____ PROVIDED ENTRIES
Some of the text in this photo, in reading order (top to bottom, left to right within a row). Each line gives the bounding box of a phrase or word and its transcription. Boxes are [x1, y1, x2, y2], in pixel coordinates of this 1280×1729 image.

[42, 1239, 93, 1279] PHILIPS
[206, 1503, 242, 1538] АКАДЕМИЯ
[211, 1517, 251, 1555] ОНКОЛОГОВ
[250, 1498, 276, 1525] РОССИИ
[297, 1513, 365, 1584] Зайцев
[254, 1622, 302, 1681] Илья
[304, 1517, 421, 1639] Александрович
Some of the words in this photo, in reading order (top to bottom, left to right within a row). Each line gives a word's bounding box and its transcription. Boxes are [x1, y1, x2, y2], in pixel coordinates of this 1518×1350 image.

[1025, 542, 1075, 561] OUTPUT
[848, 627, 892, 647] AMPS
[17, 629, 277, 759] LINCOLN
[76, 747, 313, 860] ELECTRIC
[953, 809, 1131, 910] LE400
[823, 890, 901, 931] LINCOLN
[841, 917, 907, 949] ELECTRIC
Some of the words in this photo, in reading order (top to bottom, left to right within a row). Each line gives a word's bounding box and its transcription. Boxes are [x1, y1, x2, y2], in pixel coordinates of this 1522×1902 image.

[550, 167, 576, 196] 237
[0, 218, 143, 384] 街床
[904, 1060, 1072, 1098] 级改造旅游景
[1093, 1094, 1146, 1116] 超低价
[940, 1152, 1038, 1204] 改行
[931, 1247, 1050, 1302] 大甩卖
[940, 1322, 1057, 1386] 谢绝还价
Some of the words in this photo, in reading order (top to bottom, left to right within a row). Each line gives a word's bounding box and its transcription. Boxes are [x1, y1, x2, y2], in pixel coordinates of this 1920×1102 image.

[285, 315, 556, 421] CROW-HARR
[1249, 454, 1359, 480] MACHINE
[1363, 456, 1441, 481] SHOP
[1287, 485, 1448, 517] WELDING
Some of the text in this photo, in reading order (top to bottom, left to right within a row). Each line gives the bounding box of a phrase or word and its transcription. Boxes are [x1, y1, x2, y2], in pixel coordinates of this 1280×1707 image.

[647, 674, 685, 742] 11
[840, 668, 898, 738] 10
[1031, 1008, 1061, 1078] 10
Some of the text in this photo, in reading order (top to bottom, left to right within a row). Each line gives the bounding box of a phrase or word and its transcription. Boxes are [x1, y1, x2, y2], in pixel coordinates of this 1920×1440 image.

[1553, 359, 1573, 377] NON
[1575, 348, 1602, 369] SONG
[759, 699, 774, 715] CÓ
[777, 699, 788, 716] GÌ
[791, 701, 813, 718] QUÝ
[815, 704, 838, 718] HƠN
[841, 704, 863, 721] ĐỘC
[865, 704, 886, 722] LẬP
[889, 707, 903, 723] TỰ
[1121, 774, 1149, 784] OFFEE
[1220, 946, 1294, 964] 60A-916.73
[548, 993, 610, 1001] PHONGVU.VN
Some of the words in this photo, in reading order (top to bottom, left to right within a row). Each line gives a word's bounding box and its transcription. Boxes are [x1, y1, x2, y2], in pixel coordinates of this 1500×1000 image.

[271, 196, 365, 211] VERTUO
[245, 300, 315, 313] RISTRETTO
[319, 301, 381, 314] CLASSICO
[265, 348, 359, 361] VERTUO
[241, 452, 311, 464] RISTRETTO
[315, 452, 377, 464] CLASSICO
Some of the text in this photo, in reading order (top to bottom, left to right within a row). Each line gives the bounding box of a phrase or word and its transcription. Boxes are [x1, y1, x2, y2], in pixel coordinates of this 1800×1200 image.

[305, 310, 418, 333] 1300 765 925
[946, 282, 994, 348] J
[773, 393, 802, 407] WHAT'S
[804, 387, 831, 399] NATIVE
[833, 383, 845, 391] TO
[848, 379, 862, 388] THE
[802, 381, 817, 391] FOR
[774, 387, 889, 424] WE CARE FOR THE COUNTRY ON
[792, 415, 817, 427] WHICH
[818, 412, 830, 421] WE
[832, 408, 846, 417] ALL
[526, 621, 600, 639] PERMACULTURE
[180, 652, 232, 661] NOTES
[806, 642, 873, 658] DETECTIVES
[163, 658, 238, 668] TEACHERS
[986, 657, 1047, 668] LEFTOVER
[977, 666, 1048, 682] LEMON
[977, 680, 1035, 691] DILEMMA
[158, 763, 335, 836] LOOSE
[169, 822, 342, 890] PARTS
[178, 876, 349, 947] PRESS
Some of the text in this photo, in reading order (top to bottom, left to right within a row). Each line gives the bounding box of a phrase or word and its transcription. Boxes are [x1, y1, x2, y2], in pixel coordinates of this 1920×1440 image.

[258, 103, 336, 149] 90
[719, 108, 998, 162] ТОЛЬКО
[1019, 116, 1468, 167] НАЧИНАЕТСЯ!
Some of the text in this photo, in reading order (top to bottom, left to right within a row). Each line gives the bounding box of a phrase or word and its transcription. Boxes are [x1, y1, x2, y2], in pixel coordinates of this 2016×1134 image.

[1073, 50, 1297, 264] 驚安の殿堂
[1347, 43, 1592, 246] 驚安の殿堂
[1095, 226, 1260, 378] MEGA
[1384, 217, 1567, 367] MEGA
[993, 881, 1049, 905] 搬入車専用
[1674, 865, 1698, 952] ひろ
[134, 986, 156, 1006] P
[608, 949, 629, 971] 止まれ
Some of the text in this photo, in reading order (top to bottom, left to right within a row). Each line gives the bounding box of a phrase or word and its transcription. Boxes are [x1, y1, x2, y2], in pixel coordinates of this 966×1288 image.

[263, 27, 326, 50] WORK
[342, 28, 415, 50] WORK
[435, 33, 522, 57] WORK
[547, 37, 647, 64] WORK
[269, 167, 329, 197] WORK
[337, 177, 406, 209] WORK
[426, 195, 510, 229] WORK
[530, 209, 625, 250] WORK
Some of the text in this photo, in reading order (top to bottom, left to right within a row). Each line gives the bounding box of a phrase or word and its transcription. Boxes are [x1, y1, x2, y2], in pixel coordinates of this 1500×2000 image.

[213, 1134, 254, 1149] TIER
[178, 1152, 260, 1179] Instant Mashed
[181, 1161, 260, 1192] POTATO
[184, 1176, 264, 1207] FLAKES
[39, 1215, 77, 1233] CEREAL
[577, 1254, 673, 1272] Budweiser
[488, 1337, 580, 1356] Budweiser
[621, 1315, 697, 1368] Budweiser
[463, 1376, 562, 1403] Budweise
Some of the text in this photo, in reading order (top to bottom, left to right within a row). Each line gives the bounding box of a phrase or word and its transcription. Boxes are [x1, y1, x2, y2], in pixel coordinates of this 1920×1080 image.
________
### EXERCISE AIM
Output every record above exactly as it was given.

### YOUR SOLUTION
Some of the text in this photo, in reading order (top to bottom, left to right within a row). Each line gives the bounding box of a phrase or word and its transcription. Boxes are [x1, y1, x2, y2], in pixel coordinates of this 1280×1729 image.

[42, 1239, 93, 1279] PHILIPS
[206, 1503, 242, 1538] АКАДЕМИЯ
[211, 1517, 251, 1555] ОНКОЛОГОВ
[250, 1498, 276, 1525] РОССИИ
[297, 1513, 365, 1584] Зайцев
[254, 1622, 302, 1681] Илья
[304, 1517, 421, 1639] Александрович
Some of the words in this photo, in reading order (top to bottom, left to right within a row). Each line gives a word's bounding box and its transcription. Boxes are [x1, y1, x2, y2], in pixel coordinates of this 1518×1350 image.

[1025, 542, 1075, 561] OUTPUT
[848, 627, 892, 647] AMPS
[17, 629, 277, 759] LINCOLN
[76, 747, 313, 860] ELECTRIC
[953, 809, 1131, 910] LE400
[823, 890, 901, 931] LINCOLN
[841, 917, 907, 949] ELECTRIC
Some of the words in this photo, in reading order (top to bottom, left to right within a row). Each line gives a word's bounding box and its transcription. Boxes are [x1, y1, x2, y2], in pixel coordinates of this 1522×1902 image.

[550, 167, 576, 196] 237
[0, 218, 143, 384] 街床
[904, 1060, 1072, 1098] 级改造旅游景
[1093, 1094, 1146, 1116] 超低价
[940, 1152, 1038, 1204] 改行
[931, 1247, 1050, 1302] 大甩卖
[940, 1322, 1057, 1386] 谢绝还价
Some of the words in this photo, in reading order (top to bottom, left to right within a row). Each line gives a word's bounding box and its transcription. Boxes are [x1, y1, x2, y2], in pixel coordinates of this 1920×1102 image.

[285, 315, 556, 421] CROW-HARR
[1249, 454, 1359, 480] MACHINE
[1363, 456, 1441, 481] SHOP
[1287, 485, 1448, 517] WELDING
Some of the text in this photo, in reading order (top to bottom, left to right within a row). Each line gives the bounding box of a phrase or word and its transcription. Boxes are [x1, y1, x2, y2], in pixel coordinates of this 1280×1707 image.

[647, 674, 685, 742] 11
[840, 668, 898, 738] 10
[1031, 1008, 1061, 1078] 10
Some of the text in this photo, in reading order (top to bottom, left to right within a row). Each line gives the bounding box of a phrase or word and its transcription. Boxes are [x1, y1, x2, y2], in pixel coordinates of this 1920×1440 image.

[1553, 359, 1573, 377] NON
[1575, 348, 1602, 369] SONG
[759, 699, 774, 715] CÓ
[777, 699, 788, 716] GÌ
[791, 701, 813, 718] QUÝ
[815, 704, 838, 718] HƠN
[841, 704, 863, 721] ĐỘC
[865, 704, 886, 722] LẬP
[889, 707, 903, 723] TỰ
[1121, 774, 1149, 784] OFFEE
[1220, 946, 1294, 964] 60A-916.73
[548, 993, 610, 1001] PHONGVU.VN
Some of the words in this photo, in reading order (top to bottom, left to right within a row). Each line gives a word's bounding box and its transcription. Boxes are [x1, y1, x2, y2], in pixel coordinates of this 1500×1000 image.

[271, 196, 365, 211] VERTUO
[245, 300, 315, 313] RISTRETTO
[319, 301, 381, 314] CLASSICO
[265, 348, 359, 361] VERTUO
[241, 452, 311, 464] RISTRETTO
[315, 452, 377, 464] CLASSICO
Some of the text in this photo, in reading order (top to bottom, left to right within a row). Each line gives the bounding box of a phrase or word and its transcription. Boxes are [x1, y1, x2, y2], in pixel coordinates of this 1800×1200 image.

[305, 310, 418, 333] 1300 765 925
[946, 282, 994, 348] J
[773, 393, 802, 407] WHAT'S
[804, 387, 831, 399] NATIVE
[833, 383, 845, 391] TO
[848, 379, 862, 388] THE
[802, 381, 817, 391] FOR
[774, 387, 889, 424] WE CARE FOR THE COUNTRY ON
[792, 415, 817, 427] WHICH
[818, 412, 830, 421] WE
[832, 408, 846, 417] ALL
[526, 621, 600, 639] PERMACULTURE
[180, 652, 232, 661] NOTES
[806, 642, 873, 658] DETECTIVES
[163, 658, 238, 668] TEACHERS
[986, 657, 1047, 668] LEFTOVER
[977, 666, 1048, 682] LEMON
[977, 680, 1035, 691] DILEMMA
[158, 763, 335, 836] LOOSE
[169, 822, 342, 890] PARTS
[178, 876, 349, 947] PRESS
Some of the text in this photo, in reading order (top to bottom, left to right within a row). Each line gives the bounding box of a phrase or word and its transcription. Boxes are [x1, y1, x2, y2], in pixel coordinates of this 1920×1440 image.

[258, 103, 336, 149] 90
[719, 108, 998, 162] ТОЛЬКО
[1019, 116, 1468, 167] НАЧИНАЕТСЯ!
Some of the text in this photo, in reading order (top to bottom, left to right within a row). Each line gives the bounding box of a phrase or word and its transcription. Boxes are [x1, y1, x2, y2], in pixel coordinates of this 2016×1134 image.

[1073, 50, 1297, 264] 驚安の殿堂
[1347, 43, 1592, 246] 驚安の殿堂
[1095, 226, 1260, 378] MEGA
[1384, 217, 1567, 367] MEGA
[993, 881, 1049, 905] 搬入車専用
[1674, 865, 1698, 952] ひろ
[134, 986, 156, 1006] P
[608, 949, 629, 971] 止まれ
Some of the text in this photo, in reading order (top to bottom, left to right within a row). Each line gives the bounding box of a phrase or word and its transcription. Boxes are [x1, y1, x2, y2], in pixel coordinates of this 966×1288 image.

[263, 27, 326, 50] WORK
[342, 28, 415, 50] WORK
[435, 33, 522, 57] WORK
[547, 37, 647, 64] WORK
[269, 167, 329, 197] WORK
[337, 177, 406, 209] WORK
[426, 195, 510, 229] WORK
[530, 209, 625, 250] WORK
Some of the text in this photo, in reading order (top to bottom, left to right within a row). Each line gives the bounding box of a phrase or word and its transcription. Boxes are [x1, y1, x2, y2], in pixel coordinates of this 1500×2000 image.

[213, 1134, 254, 1149] TIER
[178, 1152, 260, 1179] Instant Mashed
[181, 1161, 260, 1192] POTATO
[184, 1176, 264, 1207] FLAKES
[39, 1215, 77, 1233] CEREAL
[577, 1254, 673, 1272] Budweiser
[488, 1337, 580, 1356] Budweiser
[621, 1315, 697, 1368] Budweiser
[463, 1376, 562, 1403] Budweise
Some of the text in this photo, in reading order (top to bottom, left to right within a row). Each line gives the bounding box of a phrase or word and its transcription. Boxes are [x1, y1, x2, y2], in pixel coordinates of this 1920×1080 image.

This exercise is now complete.